Treatment of Purified GUS with Periodate and Borohydride: PerT Modification

In order to inactivate the mannose and mannose 6-phosphate recognition sites on GUS, the enzyme was treated by a well-established procedure utilizing reaction with sodium meta-periodate followed by sodium borohydride (35, 36). Approximately 10 mg of purified GUS was treated with a final concentration of 20 mM sodium meta-periodate in 20 mM sodium phosphate, 100 mM NaCl pH 6.0 for 6.5 h on ice in the dark. The reaction was quenched by the addition of 200 mM final concentration ethylene glycol and incubated for an additional 15 min on ice in the dark. Afterwards, this mixture was dialyzed against 2 changes of 20 mM sodium phosphate, 100 mM NaCl pH 6.0 at 4° C. The periodate treated, dialyzed enzyme was then treated with the addition of 100 mM final concentration sodium borohydride overnight on ice in the dark to reduce reactive aldehyde groups. After this treatment, the enzyme was dialyzed against two changes of 20 mM sodium phosphate, 100 mM NaCl, pH 7.5 at 4° C. The final dialyzed enzyme was stored in this buffer at 4° C. where it was stable indefinitely.

Treatment Amounts and Treatment Periods

The above treatment regimens and dosages of PerT GUS administered by intravenous or intraperitoneal infusion are non-limiting. A skilled artisan may determine the treatment dosages based on a particular subject and the severalty of the GUS deficiency or the severity of bone lesions being treated. It is anticipated that treatment regimens of PerT-GUS will vary. Treatment amounts may be from about 0.1 mg/kg to about 1 mg/kg, about 1 mg/kg to about 2 mg/kg, about 2 mg/kg to about 3 mg/kg, about 3 mg/kg to about 4 mg/kg, about 4 mg/kg to about 6 mg/kg about 6 mg/kg to about 12 mg/kg of the subject being treated. A preferable amount of PerT GUS administered is about 2 mg/kg of the subject being treated and a preferred route of administration is by one or more intraperitoneal injections.

The treatment periods described herein are non-limiting. A skilled artisan may determine the start and duration of the treatment period based on a particular subject and the severalty of the bone lesions being treated. It is anticipated that treatment periods would be between about 12 and about 57 weeks and may start at or after birth. By way of example, a treatment period my start 5 weeks after birth.
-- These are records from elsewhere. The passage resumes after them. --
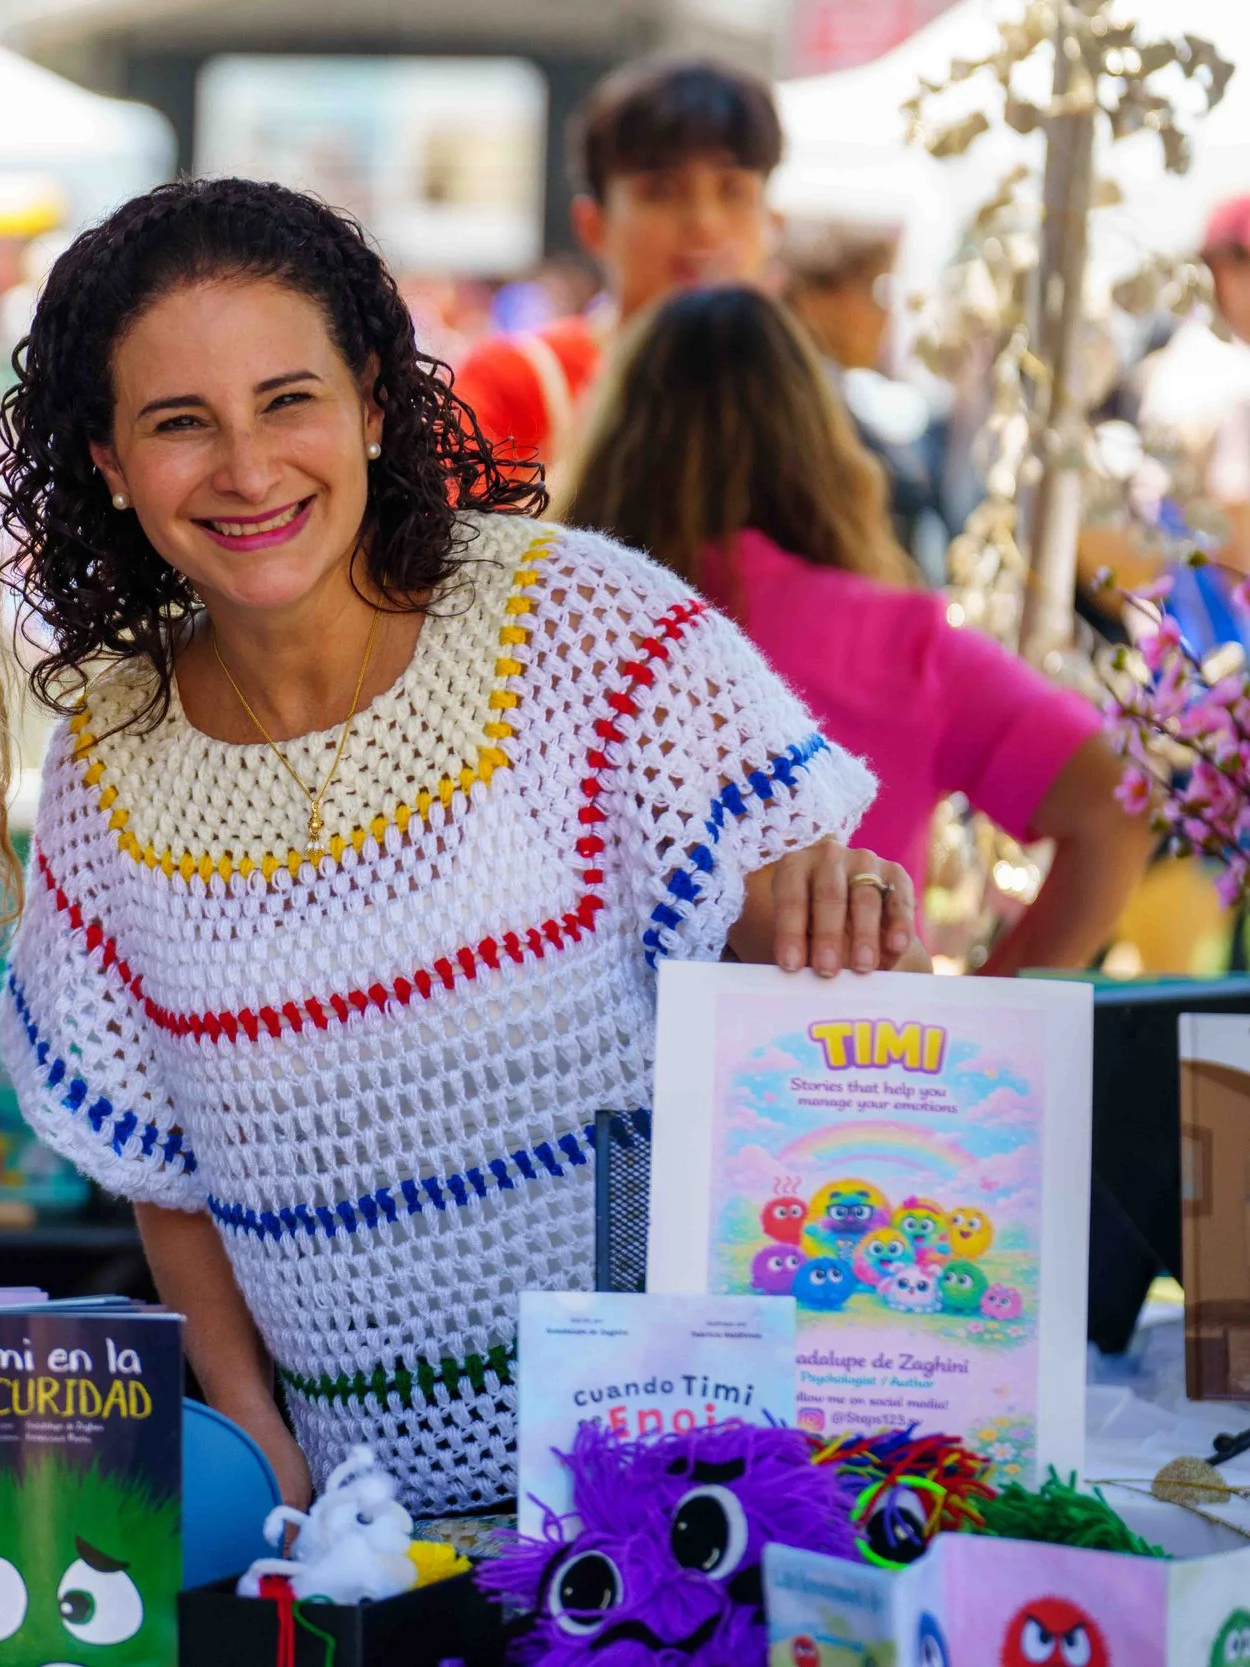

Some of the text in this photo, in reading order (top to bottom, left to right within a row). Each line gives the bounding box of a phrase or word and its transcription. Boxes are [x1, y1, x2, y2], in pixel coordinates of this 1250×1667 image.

[808, 1018, 946, 1075] TIMI
[790, 1077, 947, 1101] Stories that help you
[798, 1096, 958, 1115] manage your emotions
[47, 1348, 93, 1373] en
[105, 1337, 142, 1375] la
[871, 1353, 894, 1370] de
[898, 1353, 970, 1379] Zaghini
[681, 1374, 755, 1406] Timi
[800, 1371, 876, 1388] Psychologist
[890, 1374, 934, 1388] Author
[869, 1396, 903, 1408] social
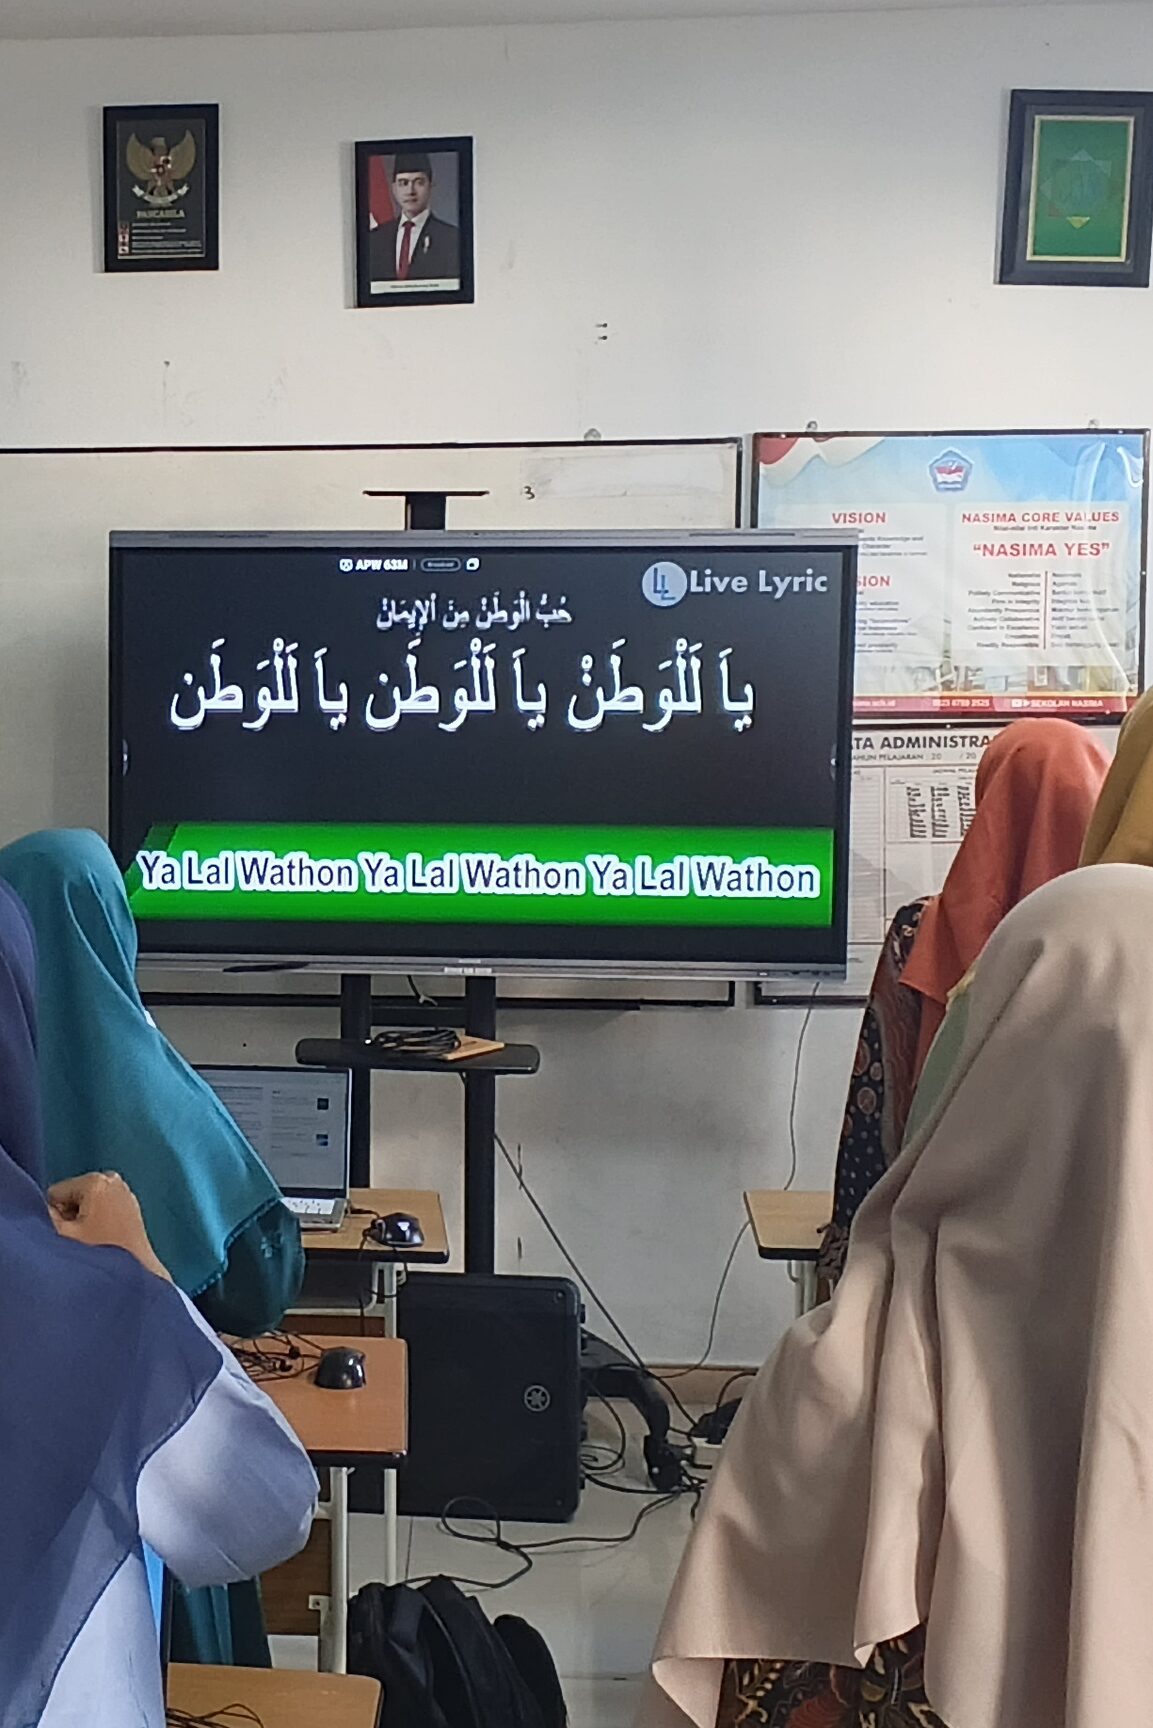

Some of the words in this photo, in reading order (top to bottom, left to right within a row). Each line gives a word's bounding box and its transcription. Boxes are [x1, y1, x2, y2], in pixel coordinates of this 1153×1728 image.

Preferred embodiments of the invention are described in the following examples. Other embodiments within the scope of the claims herein will be apparent to one skilled in the art from consideration of the specification or practice of the invention as disclosed herein. It is intended that the specification, together with the examples, be considered exemplary only, with the scope and spirit of the invention being indicated by the claims, which follow the examples.

EXAMPLES

Materials and Methods

MPS VII Tolerant Mouse

A tolerant mouse model for MPS VII (4) was developed from the original Birkenmeir GUS deficient mouse (gusmps/mps) (17) and has been used for evaluation of the effectiveness of a variety of experimental treatments (11,15, 18-20). This mouse has characteristics similar to humans with MPS VII including a shortened face, facial dysmorphism, growth retardation, deafness, shortened lifespan, and behavioral deficits. In addition, it is immunotolerant to administered human GUS.

Purification of GUS

GUS was purified by a multistep procedure with conventional column chromatography as described (15). Purified enzyme was frozen at −80° C. where it was stable indefinitely until thawed for treatment with periodate.

Treatment of GUS with Periodate and Borohydride

The M6P and mannose recognition sites on GUS are contained in the oligosaccharide side chains of the enzyme. To inactivate the exposed carbohydrates, the enzyme was treated with sodium metaperiodate followed by sodium borohydride (15). At the final step, the enzyme was dialyzed against two changes of 20 mM sodium phosphate, 100 mM NaCl (pH 7.5) at 4° C., and was stable stored in this buffer at 4° C. before use.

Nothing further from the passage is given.